Metadata-Version: 2.4
Name: pyadf
Version: 0.5.0
Classifier: Development Status :: 3 - Alpha
Classifier: Intended Audience :: Developers
Classifier: Programming Language :: Python :: 3
Classifier: Programming Language :: Python :: 3.11
Classifier: Programming Language :: Python :: 3.12
Classifier: Programming Language :: Python :: 3.13
Classifier: Programming Language :: Rust
Classifier: Topic :: Text Processing :: Markup
Requires-Dist: pytest>=7.0 ; extra == 'dev'
Requires-Dist: mypy>=1.0 ; extra == 'dev'
Requires-Dist: pyright>=1.1 ; extra == 'dev'
Provides-Extra: dev
License-File: LICENSE
Summary: A Python library for converting Atlassian Document Format (ADF) to Markdown
Keywords: adf,markdown,atlassian,converter,confluence,jira
Author-email: Youngseok Choi <me@youngseok.com>
License-Expression: MIT
Requires-Python: >=3.11
Description-Content-Type: text/markdown; charset=UTF-8; variant=GFM
Project-URL: Homepage, https://github.com/YoungseokCh/pyadf
Project-URL: Issues, https://github.com/YoungseokCh/pyadf/issues
Project-URL: Repository, https://github.com/YoungseokCh/pyadf

# pyadf

![](https://img.shields.io/badge/Python-3776AB?style=flat&logo=python&logoColor=white) ![](https://img.shields.io/pypi/v/pyadf)

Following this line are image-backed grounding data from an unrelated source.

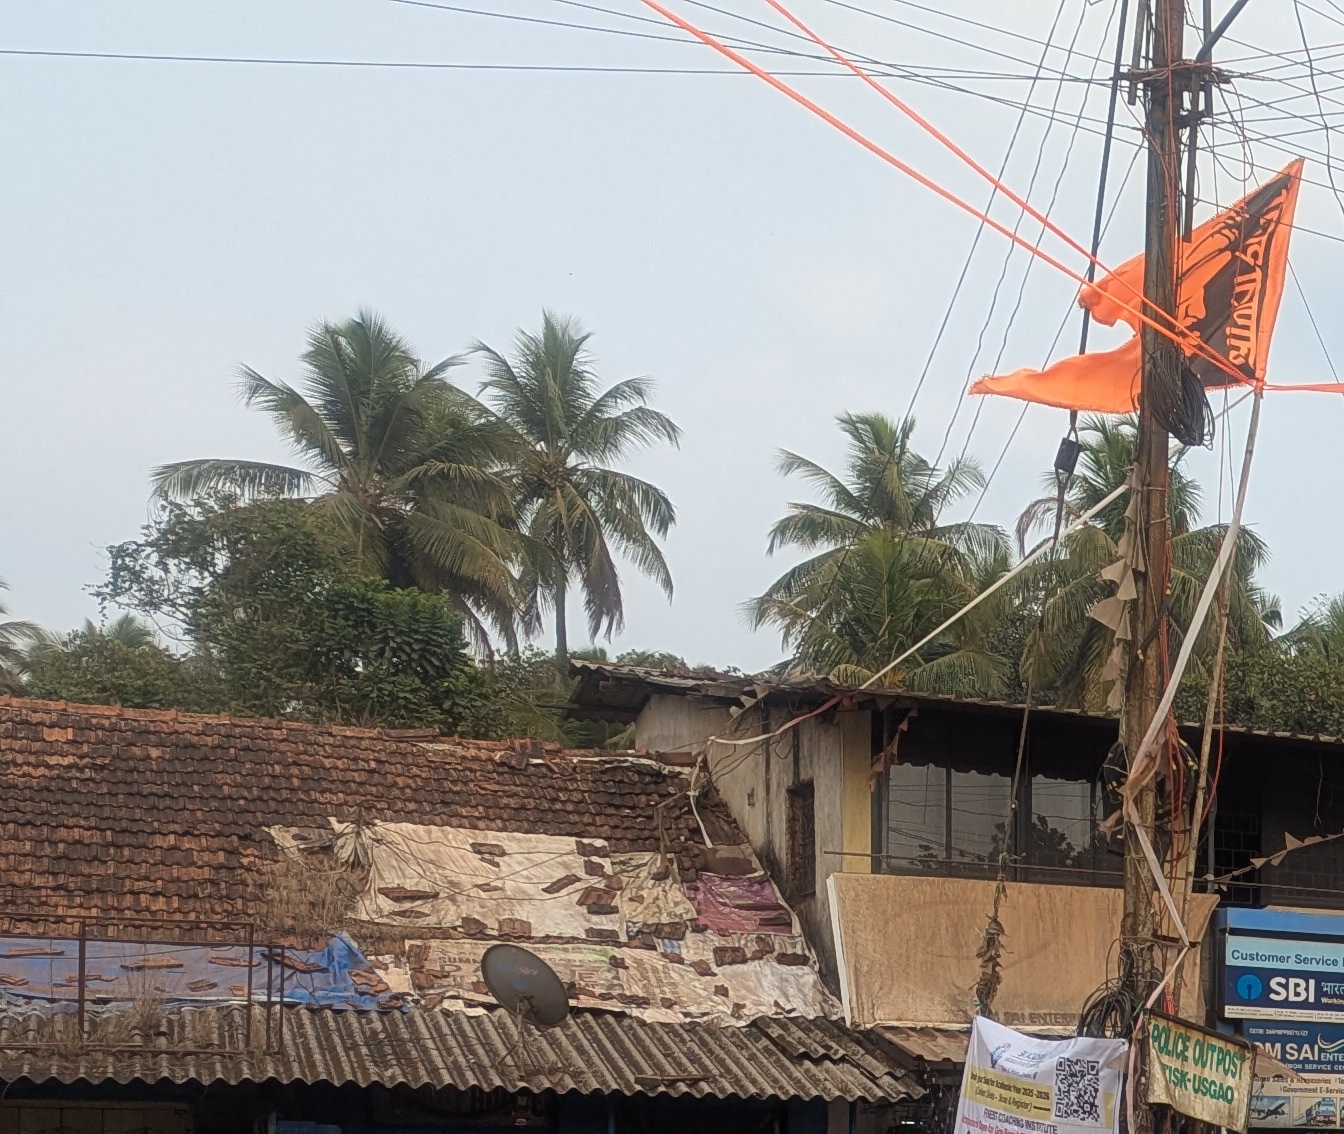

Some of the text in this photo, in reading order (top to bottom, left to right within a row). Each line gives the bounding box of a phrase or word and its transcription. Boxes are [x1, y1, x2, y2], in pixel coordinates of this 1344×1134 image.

[1231, 949, 1292, 966] Customer
[1294, 953, 1339, 968] Service
[1269, 976, 1316, 1003] SBI
[1152, 1022, 1246, 1080] POLICE OUTPOST
[1285, 1043, 1318, 1061] SAI
[1162, 1062, 1235, 1105] TISK-USGAO
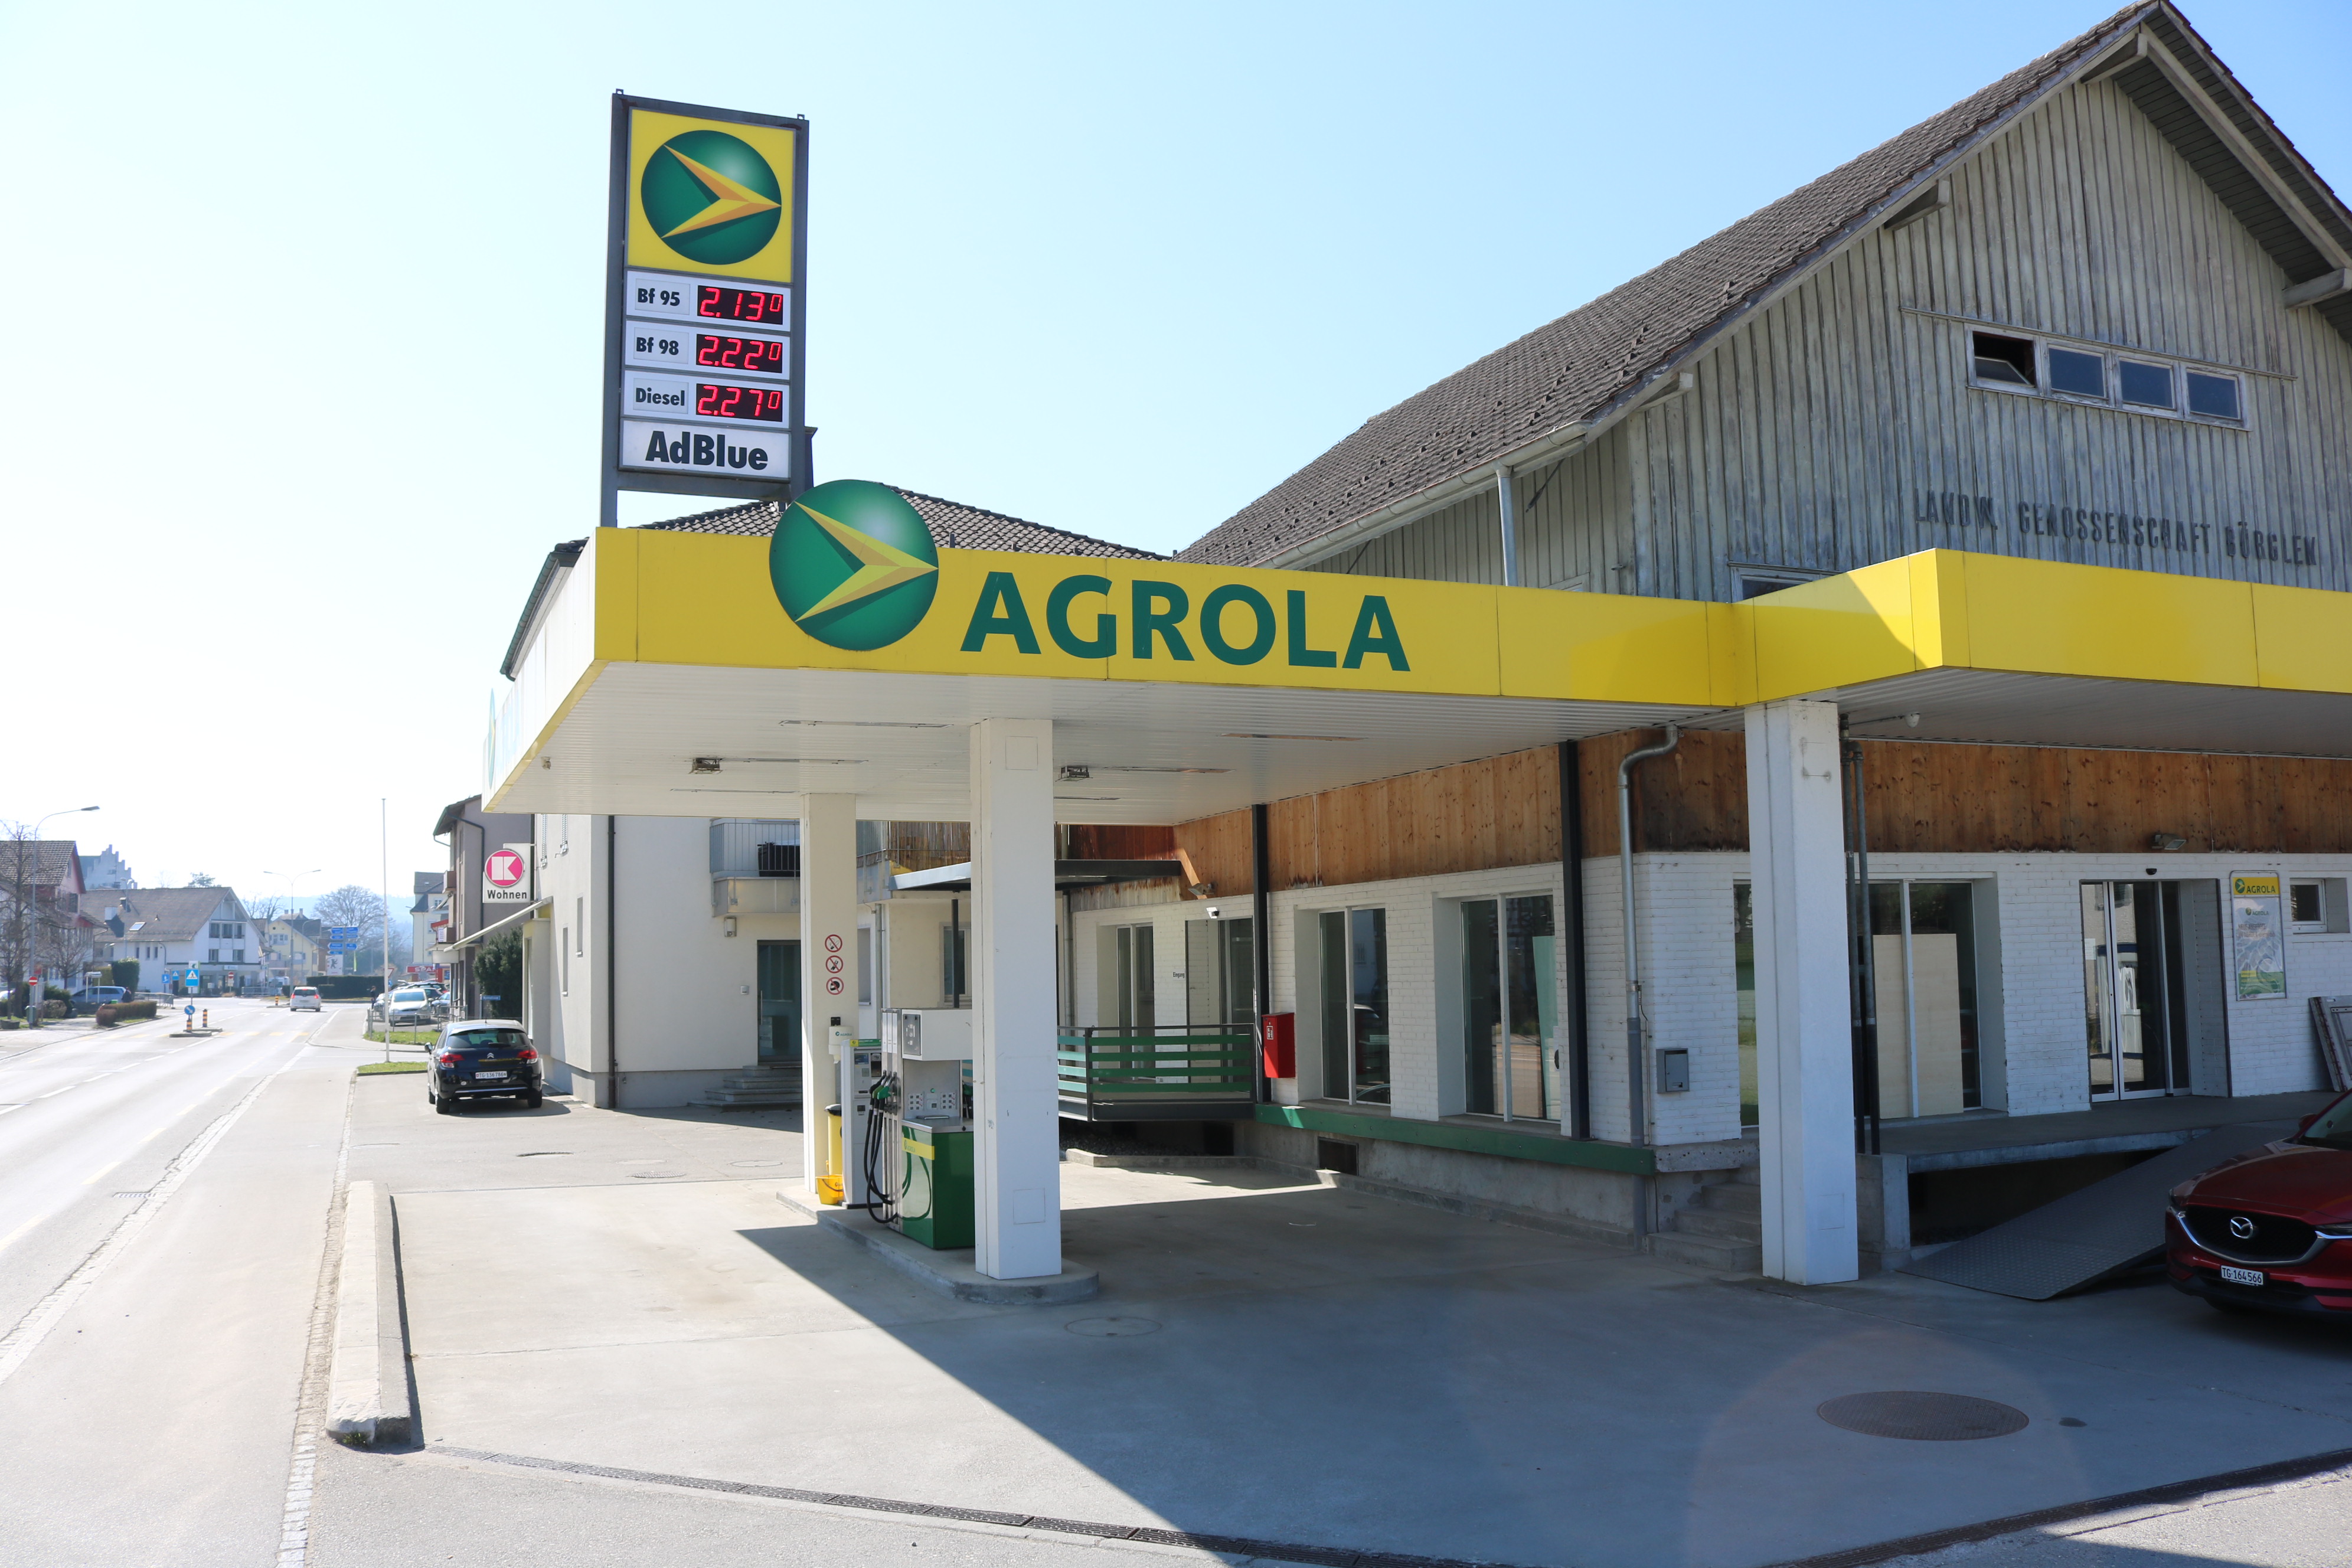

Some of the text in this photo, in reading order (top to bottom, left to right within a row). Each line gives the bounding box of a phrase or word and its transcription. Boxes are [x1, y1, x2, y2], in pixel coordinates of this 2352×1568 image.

[638, 288, 655, 304] Bf
[659, 290, 680, 306] 95
[636, 337, 654, 353] Bf
[659, 339, 679, 355] 98
[636, 387, 685, 406] Diesel
[645, 430, 769, 471] AdBlue
[1915, 488, 2317, 566] LANDW. GENOSSENSCHAFT BÜRGLEN
[960, 571, 1412, 672] AGROLA
[487, 889, 527, 899] Wohnen
[2246, 886, 2276, 894] AGROLA

A high-performance Python library for converting [Atlassian Document Format (ADF)](https://developer.atlassian.com/cloud/jira/platform/apis/document/structure/) to Markdown.

## Features

- **Rust-powered** — parsing and rendering run in native code via PyO3
- **Streaming JSONL API** for ETL pipelines processing millions of documents
- **Same `Document` class API** — drop-in upgrade for most users (see changelog for breaking changes)
- **Flexible input** — accepts JSON strings, dictionaries, or any ADF node type
- **Comprehensive node support**:
  - Text formatting (bold, italic, links)
  - Headings (h1-h6)
  - Lists (bullet, ordered, task lists)
  - Tables with headers and column spans
  - Code blocks with syntax highlighting
  - Blockquotes and panels
  - Status badges, inline cards, block cards, emoji, mentions
- **Type-safe** with comprehensive type hints and Python 3.11+ support
- **Eager validation** — ADF structure errors surface at construction time, not render time
- **Robust error handling** with detailed, context-aware error messages

## Installation

```bash
pip install pyadf
```

Prebuilt wheels are available for Linux and macOS (x86_64 and aarch64) and Windows (x86_64).

## Usage

### Basic Usage

```python
from pyadf import Document

adf_data = {
    "type": "doc",
    "content": [
        {
            "type": "paragraph",
            "content": [
                {"type": "text", "text": "Hello, "},
                {"type": "text", "text": "world!", "marks": [{"type": "strong"}]}
            ]
        }
    ]
}

doc = Document(adf_data)
print(doc.to_markdown())
# Output: Hello, **world!**
```

### Converting from JSON String

```python
from pyadf import Document

adf_json = '{"type": "doc", "content": [...]}'
doc = Document(adf_json)
markdown = doc.to_markdown()
```

### Parsing Markdown to ADF

```python
from pyadf import Document, markdown_to_adf

doc = Document.from_markdown("# Hello\n\nThis is **bold**.")
adf = doc.to_adf()

adf2 = markdown_to_adf("1. First\n2. Second")
```

The Markdown importer is currently strict and targets the canonical subset that
pyadf already renders well.

Detailed ADF element and Markdown import policy lives in
[`docs/jira-adf-element-policy.md`](docs/jira-adf-element-policy.md).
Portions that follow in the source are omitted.